Labour’s Welsh First Minister Mark Drakeford — who last year banned supermarkets from selling ‘non-essentials’ and toys before Christmas during the country’s lockdowns — avoided responding to questions of whether the assembly should vote again because the government only won on a technical fault.

Instead, Mr Drakeford told BBC Radio 4’s Today programme on Wednesday: “It was an extraordinary moment, but what was really extraordinary was the fact that opposition parties were not prepared to support this simple measure which will help to keep people safe from coronavirus.”

Asked again to address the question of the legitimacy of the vote, the Labour regional leader claimed it was not the government’s role to question how the parliament holds votes, but responded: “It is members’ responsibilities to make sure they are in the chamber or on Zoom and 59 of 60 members managed to do that… We move on.”

The vote comes after Scotland, led by the leftist Scottish National Party (SNP) First Minister Nicola Sturgeon, enforced its own vaccine passport scheme last week, which was marred by technical glitches affecting the app.

The UK’s parliament cancelled the planned introduction of vaccine passports for the end of September in England, however, holds the plans in reserve if hospital numbers increase over the winter. Both the Scottish vaccine passport scheme and the potential measures for England require proof of vaccination to allow entry to night-time hospitality and other large events.

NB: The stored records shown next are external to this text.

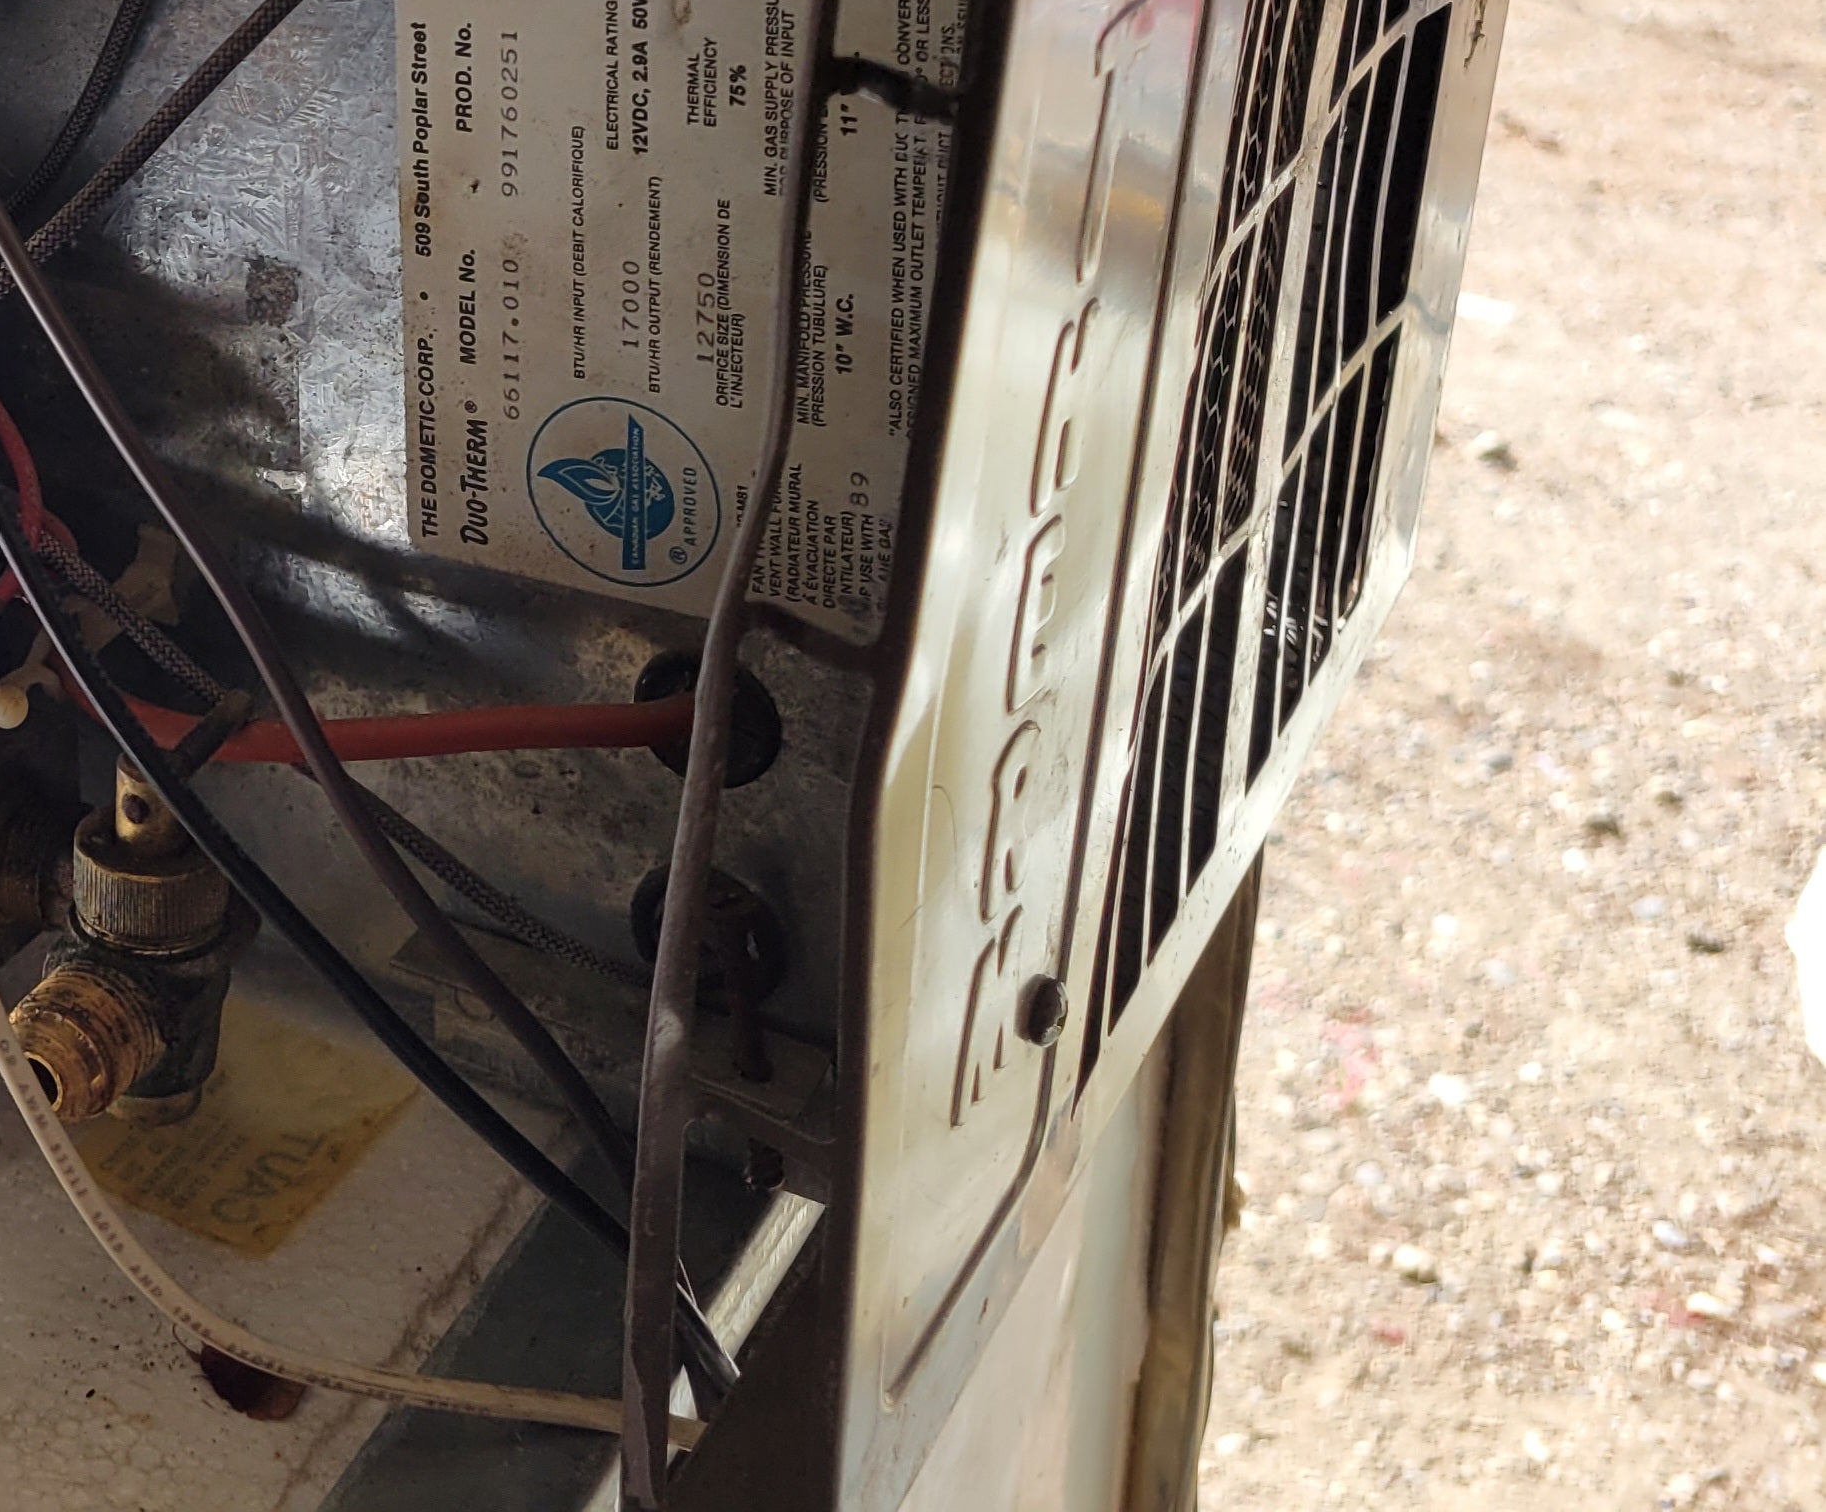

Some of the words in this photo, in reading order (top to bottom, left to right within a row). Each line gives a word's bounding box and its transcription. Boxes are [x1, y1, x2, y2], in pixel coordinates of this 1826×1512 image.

[410, 22, 428, 84] Street
[454, 22, 472, 58] No.
[606, 0, 618, 56] RATING
[781, 11, 795, 57] INPUT
[916, 39, 929, 61] OR
[632, 42, 648, 82] 2.9A
[686, 54, 700, 124] THERMAL
[704, 38, 718, 128] EFFICIENCY
[728, 64, 746, 106] 75%
[781, 61, 794, 83] OF
[456, 66, 472, 132] PROD.
[500, 32, 518, 196] 991760251
[606, 60, 620, 150] ELECTRICAL
[765, 61, 779, 121] SUPPLY
[412, 88, 432, 154] Poplar
[632, 88, 650, 154] 12VDC,
[764, 125, 778, 157] GAS
[412, 160, 430, 218] South
[572, 126, 586, 226] CALORIFIQUE)
[764, 163, 778, 196] MIN.
[895, 168, 909, 206] WITH
[648, 176, 662, 276] (RENDEMENT)
[718, 200, 730, 220] DE
[893, 212, 907, 252] USED
[414, 222, 432, 256] 509
[458, 250, 476, 282] No.
[572, 230, 586, 276] (DEBIT
[716, 223, 731, 311] (DIMENSION
[911, 224, 924, 281] OUTLET
[572, 278, 584, 322] INPUT
[622, 260, 640, 348] 17000
[813, 265, 829, 345] TUBULURE)
[892, 257, 906, 299] WHEN
[458, 290, 476, 364] MODEL
[648, 278, 660, 336] OUTPUT
[696, 272, 716, 362] 12750
[716, 314, 730, 346] SIZE
[837, 294, 853, 336] W.C.
[909, 286, 923, 359] MAXIMUM
[418, 334, 438, 398] CORP.
[502, 260, 520, 420] 66117.010
[574, 326, 586, 378] BTU/HR
[648, 340, 660, 394] BTU/HR
[730, 313, 746, 408] L'INJECTEUR)
[797, 312, 811, 388] MANIFOLD
[890, 308, 904, 385] CERTIFIED
[716, 349, 730, 406] ORIFICE
[812, 351, 826, 427] (PRESSION
[797, 393, 810, 424] MIN.
[418, 394, 438, 494] DOMETIC
[630, 428, 640, 490] ASSOCIATION
[631, 494, 639, 512] GAS
[683, 467, 697, 546] APPROVED
[788, 463, 802, 512] MURAL
[420, 498, 438, 538] THE
[770, 517, 782, 556] WALL
[824, 515, 836, 544] PAR
[861, 514, 873, 550] WITH
[769, 560, 782, 597] VENT
[786, 516, 801, 602] (RADIATEUR
[824, 550, 836, 609] DIRECTE

Speaking to talkRADIO’s Julia Hartley-Brewer on Wednesday, Chris Green, a Conservative  MP in the Westminster parliament and member of the lockdown-sceptic Covid Recovery Group (CRG), said that England should be “deeply concerned” after vaccine passports were introduced in Wales, saying that now with half of the country’s nations having vaccine passports, England and Northern Ireland “will not doubt follow soon enough” and “each have their own ID card”.

Mr Green also said it was “extraordinary for such an important vote [on] civil liberties” in Wales to potentially having been passed due to technical difficulties.

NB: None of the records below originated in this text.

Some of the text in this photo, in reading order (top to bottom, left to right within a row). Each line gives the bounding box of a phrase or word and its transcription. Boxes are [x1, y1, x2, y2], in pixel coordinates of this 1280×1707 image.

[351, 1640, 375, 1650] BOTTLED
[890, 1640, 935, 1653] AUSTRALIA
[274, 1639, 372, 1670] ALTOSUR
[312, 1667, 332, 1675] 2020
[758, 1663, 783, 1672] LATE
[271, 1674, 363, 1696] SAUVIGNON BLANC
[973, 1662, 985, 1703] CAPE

Calling for the Senedd to hold an inquiry, the Bolton West & Atherton MP warned that having “this incremental change in terms of our civil liberties, the way people relate to the state” occur “by accident” was “really problematic”.

He added that it was “understandable why people at home, whether in Wales or anywhere else in the UK, be deeply concerned by what’s going to happen in England”, and warned against the creeping reach of vaccine passports into other parts of Britons’ lives, which is part of the “compulsory vaccine agenda that is also being pushed”.